_Work order_
Transcribe every entry exactly, leaving out any pictures.

_Saved entries_
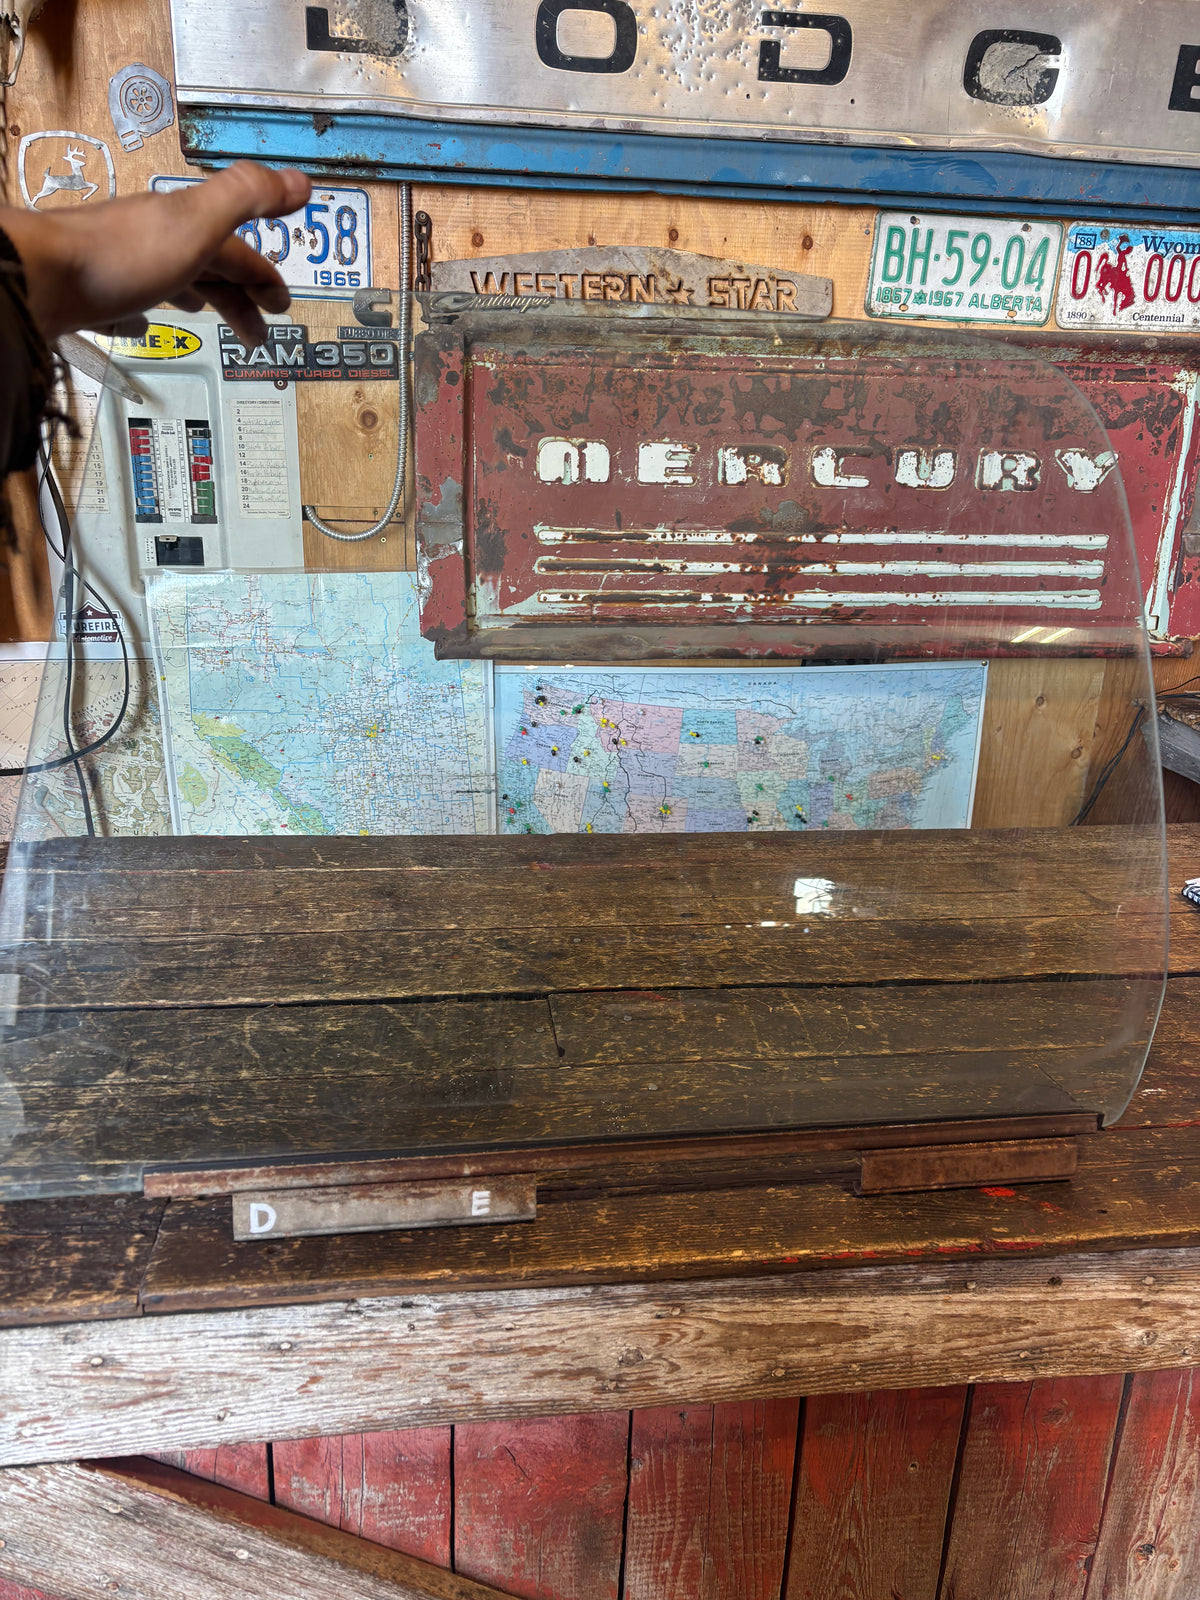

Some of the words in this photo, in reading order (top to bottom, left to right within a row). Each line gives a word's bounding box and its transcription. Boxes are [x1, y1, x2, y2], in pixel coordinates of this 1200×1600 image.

[313, 270, 360, 287] 1966
[705, 276, 799, 311] STAR
[876, 286, 913, 304] 1867
[928, 290, 964, 307] 1967
[968, 293, 1042, 312] ALBERTA
[1066, 311, 1087, 319] 1890
[1132, 312, 1185, 322] Centennial
[220, 326, 304, 341] PER
[222, 343, 306, 367] RAM
[315, 344, 395, 367] 350
[295, 369, 342, 379] TURBO
[348, 370, 395, 379] DIESEL
[535, 436, 1118, 493] MERCURY
[74, 621, 118, 632] UREFIRE

_Your response_
Some of the words in this photo, in reading order (top to bottom, left to right within a row). Each line gives a word's bounding box and its transcription. Boxes are [x1, y1, x2, y2], in pixel coordinates of this 1200×1600 image.

[313, 270, 360, 287] 1966
[705, 276, 799, 311] STAR
[876, 286, 913, 304] 1867
[928, 290, 964, 307] 1967
[968, 293, 1042, 312] ALBERTA
[1066, 311, 1087, 319] 1890
[1132, 312, 1185, 322] Centennial
[220, 326, 304, 341] PER
[222, 343, 306, 367] RAM
[315, 344, 395, 367] 350
[295, 369, 342, 379] TURBO
[348, 370, 395, 379] DIESEL
[535, 436, 1118, 493] MERCURY
[74, 621, 118, 632] UREFIRE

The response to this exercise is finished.